I think my little doll will get lines on her pert little face; she is frowning so hard during this performance. And she is right: an animated fog-sheet is not worth the price of admission. If only she were a kindred soul and could see what I see, like the old dude against the wall jumping up and down and mouthing "Houdini" right along with the chanting psychics. Doyly, that is his name. I believe that he had something to do with a British opera company called the D'Oily Carte. The British always aspire to French phrases when it comes to culture and cooking.
Anyway, old Doyly is having an out-of-the-body heart attack right in front of everybody, and all they can do is stare at this circular clump of fog, which strikes me as mighty suspicious.
Then suddenly something is thrown down hard on the smooth wood tabletop.
Everybody screams, and even I jump, because the object comes rolling right for me, nothing of human construction being purely level, I* jump too, because I do not know if the object will explode or something, but it is as dead as a dud dumdum, which is what it is, sort of.
Anyway, I know a bullet when I see one, and I gently pat and spin it for a 3-D examination.
At this someone waxes hysterical--I think it is the doll with the spasmodic eyelids--and the long-haired dude springs up to wrest the bullet away from me like I was playing with it or something. I hate to be underestimated. I was trying to calculate the caliber, but it is an older piece of ammunition, and hard to categorize. I would have to sleep on it (via an arms encyclopedia) to be sure.
Anyway, the fog has made the rounds back to the fireplace and is drifting away like smoke. I see that Doyly is long gone; not so. Karma, unfortunately.
Now the knickknacks on the wall start flying around, but I am not too alarmed, having dodged my share of hurled objects in my time. But the seance crowd is more than somewhat shook up. Even Miss Temple Barr looks a little pale as she tries to attend to the lady on her left, who has apparently fainted during the knife-throwing act.

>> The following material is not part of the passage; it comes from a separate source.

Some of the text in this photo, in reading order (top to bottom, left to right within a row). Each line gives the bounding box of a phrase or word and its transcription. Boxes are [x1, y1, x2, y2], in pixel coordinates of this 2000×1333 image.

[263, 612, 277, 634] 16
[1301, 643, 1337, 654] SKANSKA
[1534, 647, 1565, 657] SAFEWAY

So I look closer and I see that "fainted" is something more fatal.
Karma's little light is buzzing like a hyperactive mosquito back at the window, and the dumdums at the table are standing and frowning.

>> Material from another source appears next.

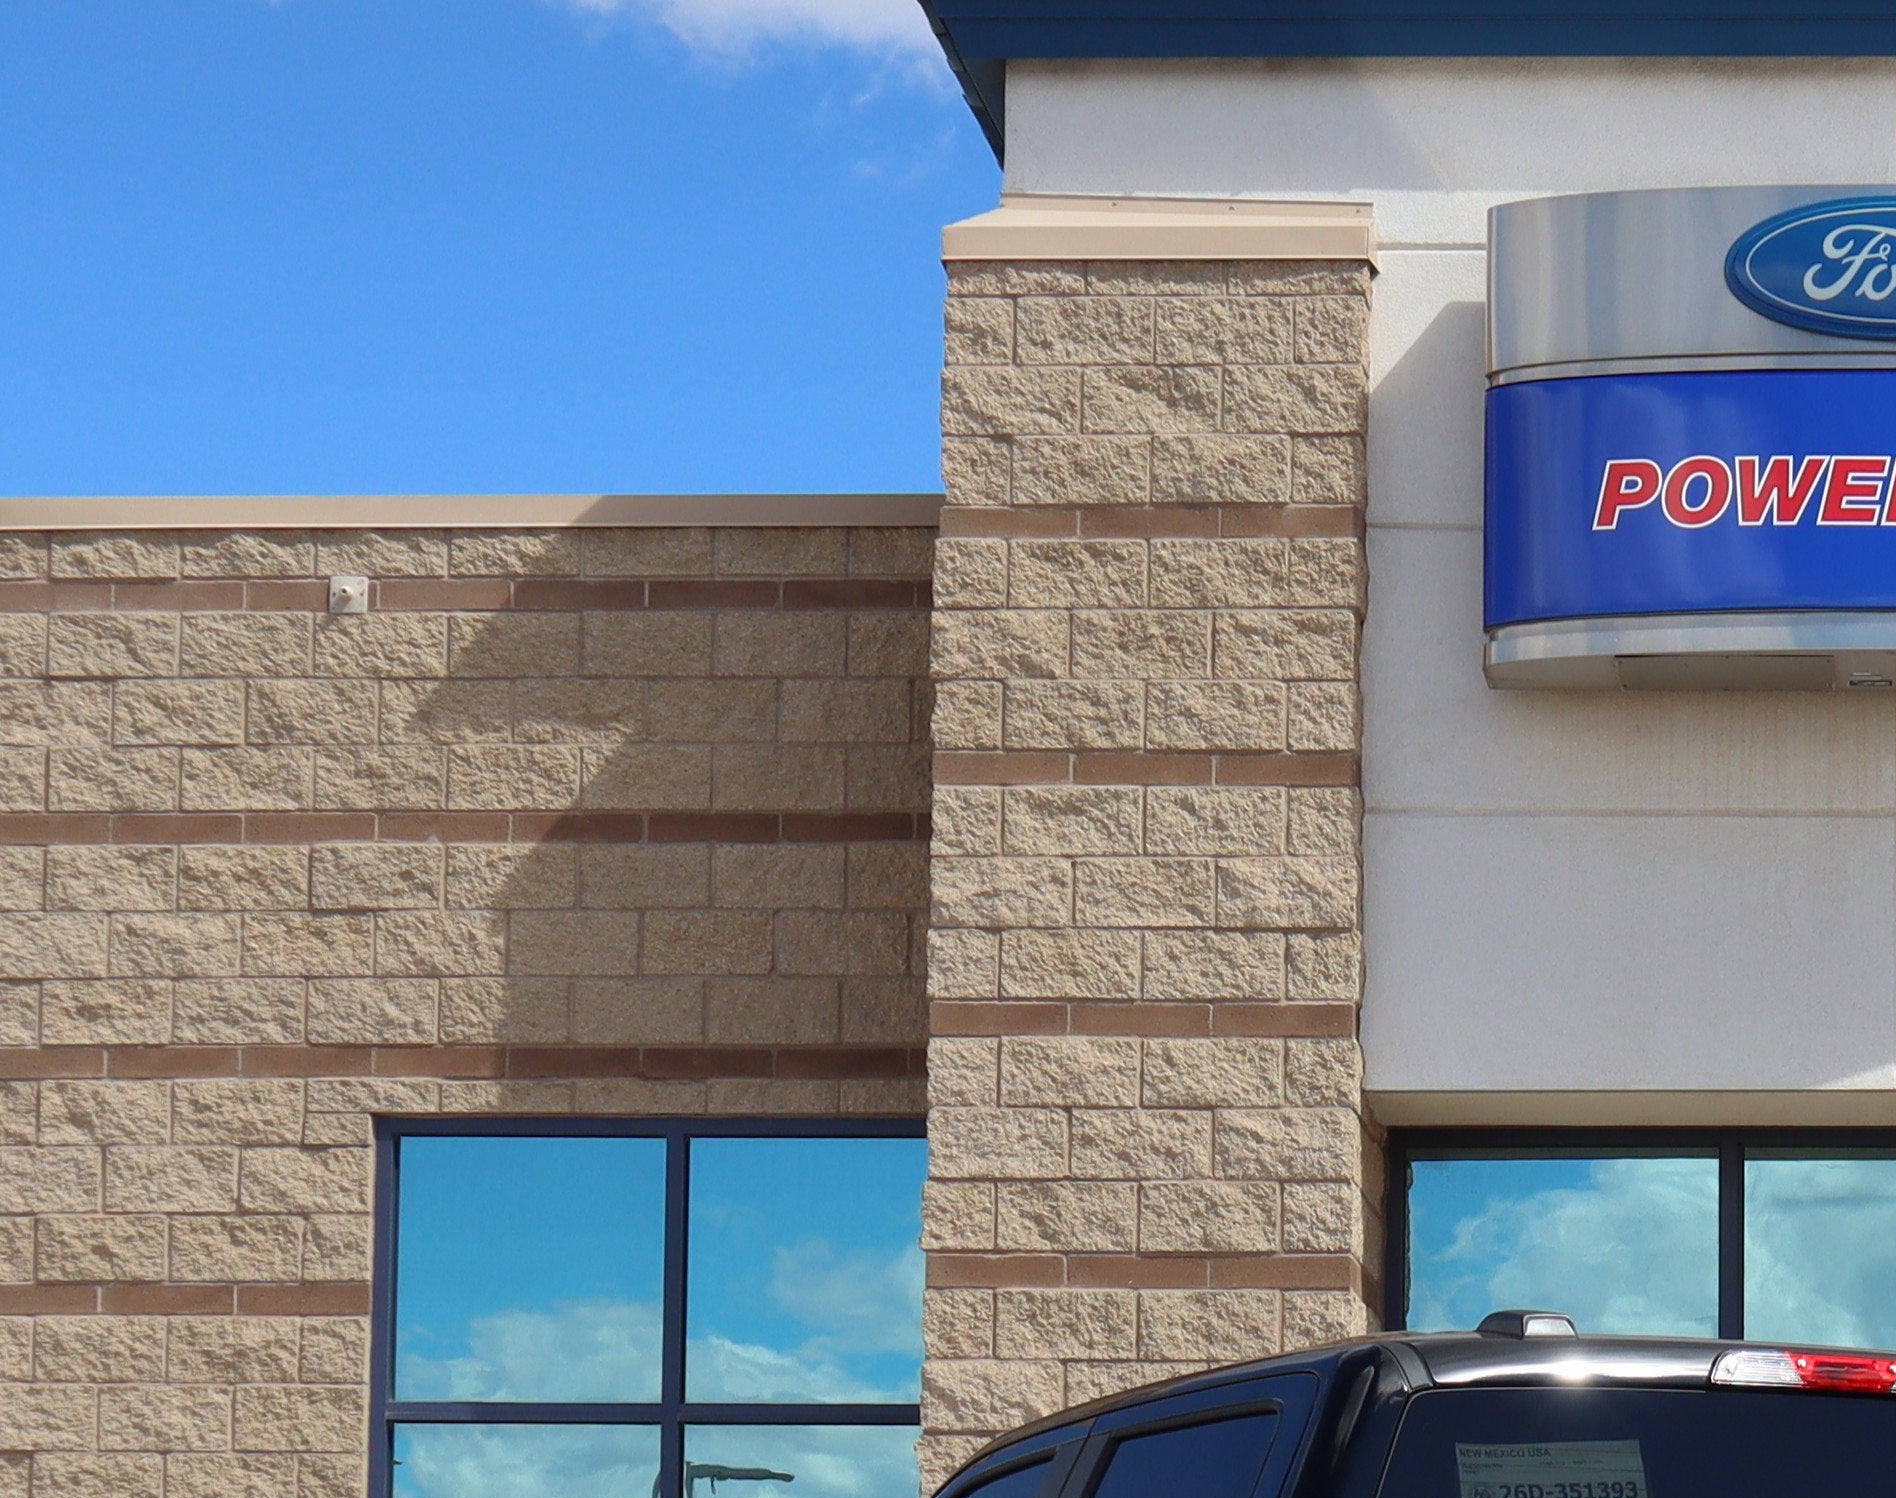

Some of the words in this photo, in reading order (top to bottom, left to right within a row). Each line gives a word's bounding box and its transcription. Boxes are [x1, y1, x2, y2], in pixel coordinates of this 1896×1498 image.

I understand immediately that this is a job for Lieutenant Molina of the Las Vegas Metropolitan Police Department. So does my little doll, for she gets a very wan and woebegone expression on her face, seeing as she was sitting next to and holding hands with the victim.
The bright side is that Crawford Buchanan was pinching pinkies with the victim's other hand, so who is to say he is not the likeliest suspect.

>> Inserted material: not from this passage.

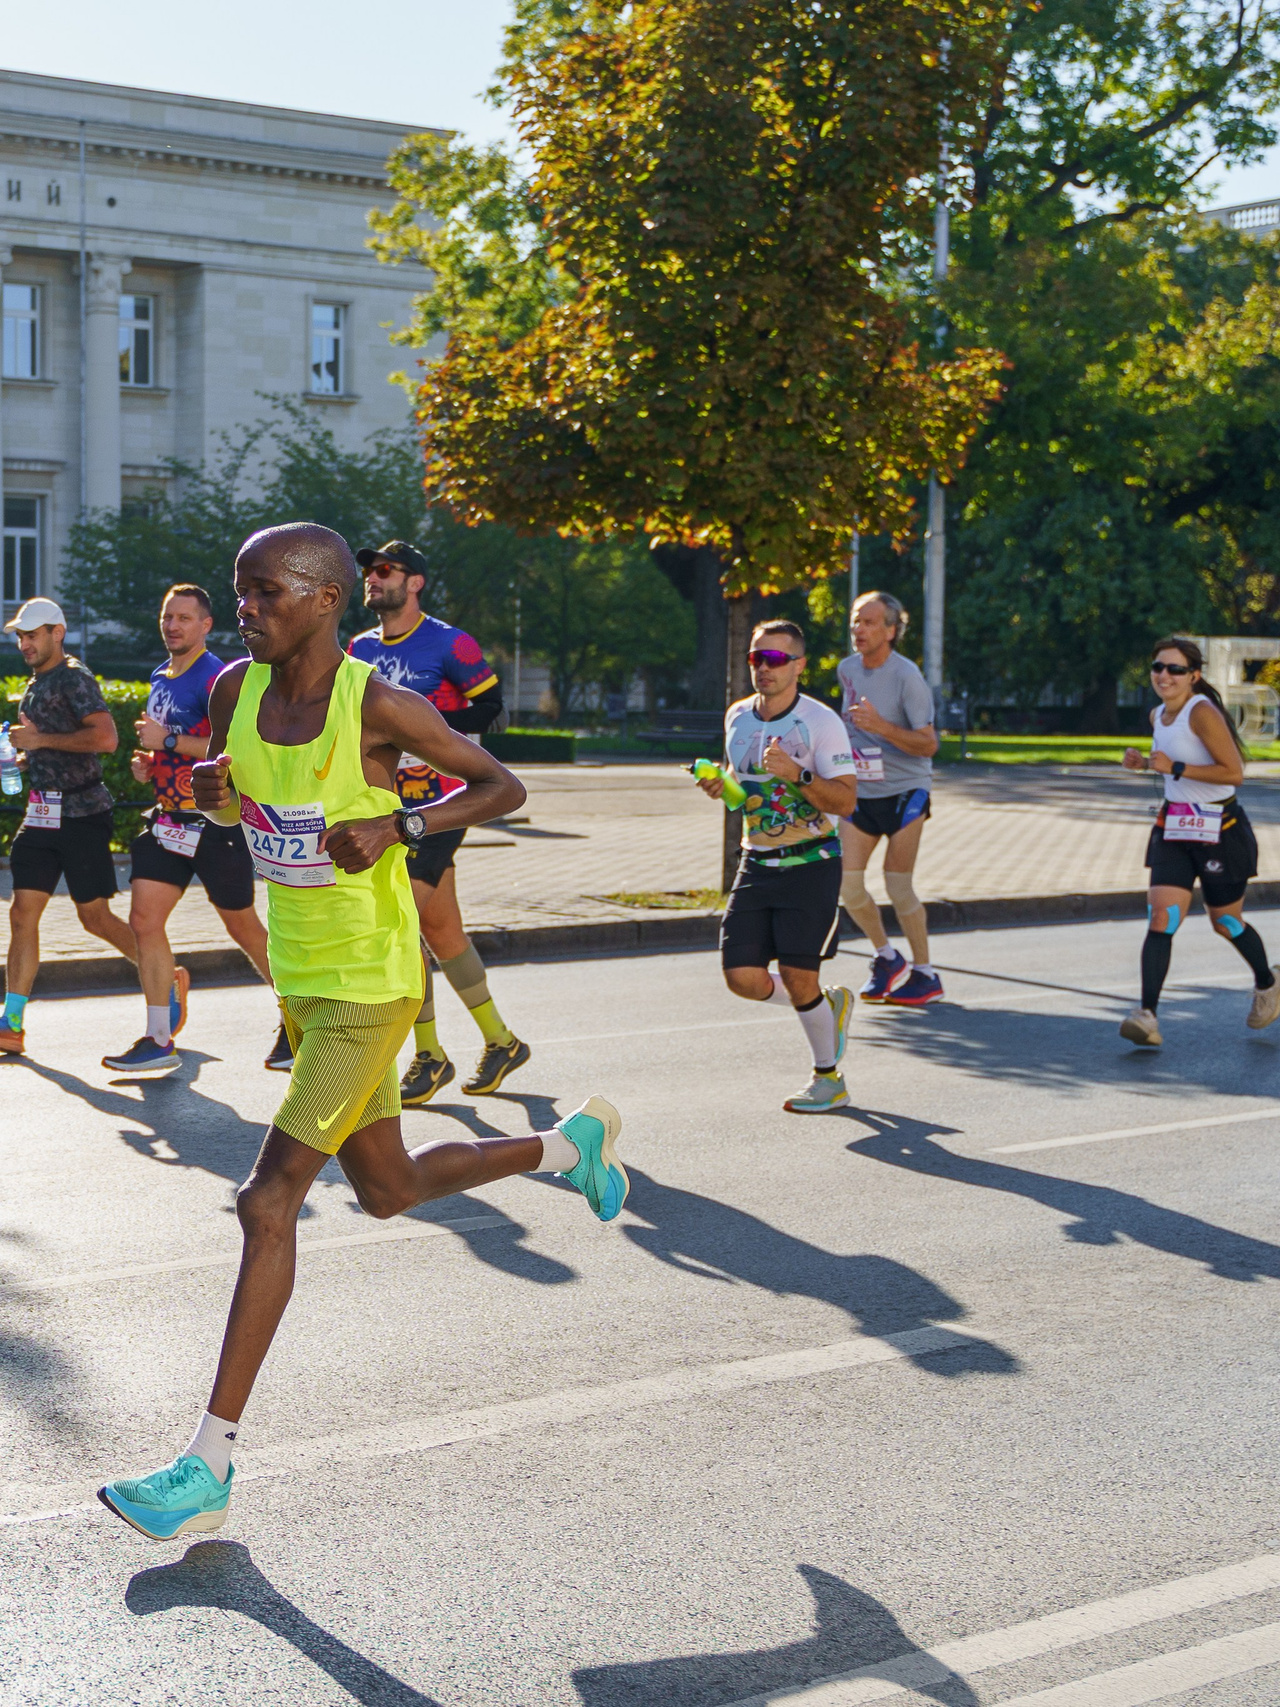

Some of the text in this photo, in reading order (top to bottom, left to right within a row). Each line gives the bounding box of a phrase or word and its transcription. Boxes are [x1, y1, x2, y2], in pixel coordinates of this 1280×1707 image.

[34, 805, 50, 816] 489
[1178, 817, 1205, 828] 648
[163, 828, 188, 840] 426
[250, 829, 307, 860] 2472

The other people around the table are turning up their headlights and beginning to realize that the hat-head was done in.
And they are beginning to say that Houdini did it.
I do not know. I would not know Houdini if he dove off the Circle Ritz roof into a teacup. I can definitely say, however, that Elvis Presley, Mae West, Amelia Earhart and the English Doyly dude did not do it. Too bad I am not allowed to testify.